Reproduce the entries that follow exactly. No picture should appear in the result.

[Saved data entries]
· · · ·

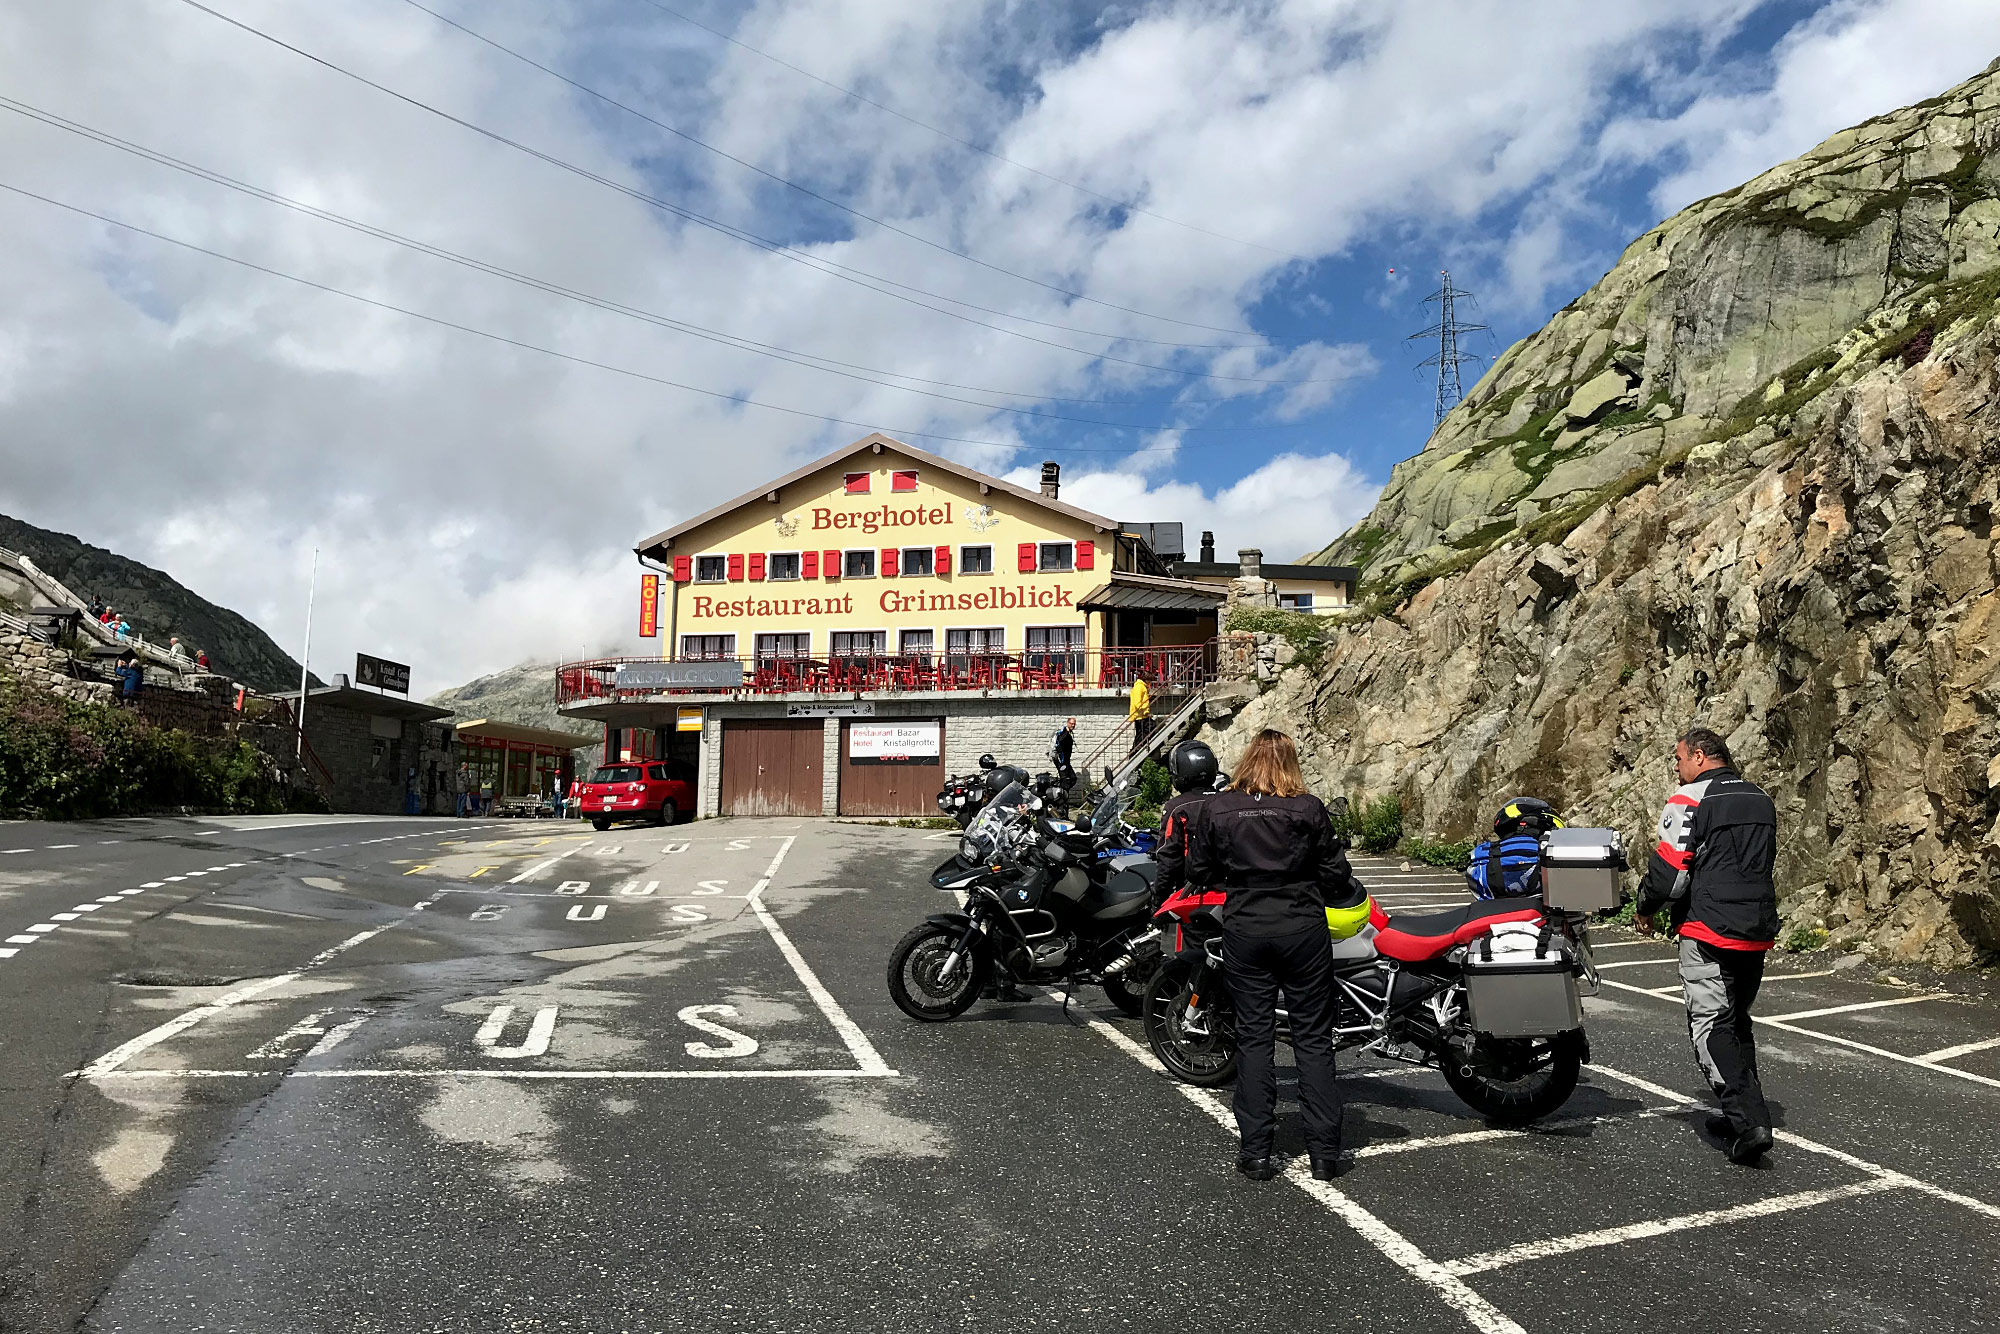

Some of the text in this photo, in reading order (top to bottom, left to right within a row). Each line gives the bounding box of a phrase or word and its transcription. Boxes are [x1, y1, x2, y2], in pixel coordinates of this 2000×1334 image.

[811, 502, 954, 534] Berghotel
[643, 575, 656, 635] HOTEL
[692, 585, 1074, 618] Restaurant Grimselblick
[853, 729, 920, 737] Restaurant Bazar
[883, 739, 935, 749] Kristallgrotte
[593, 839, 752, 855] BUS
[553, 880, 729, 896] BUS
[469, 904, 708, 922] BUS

· · · ·

▶ Exercise answer
Some of the text in this photo, in reading order (top to bottom, left to right within a row). Each line gives the bounding box of a phrase or word and its transcription. Boxes are [x1, y1, x2, y2], in pixel coordinates of this 2000×1334 image.

[811, 502, 954, 534] Berghotel
[643, 575, 656, 635] HOTEL
[692, 585, 1074, 618] Restaurant Grimselblick
[853, 729, 920, 737] Restaurant Bazar
[883, 739, 935, 749] Kristallgrotte
[593, 839, 752, 855] BUS
[553, 880, 729, 896] BUS
[469, 904, 708, 922] BUS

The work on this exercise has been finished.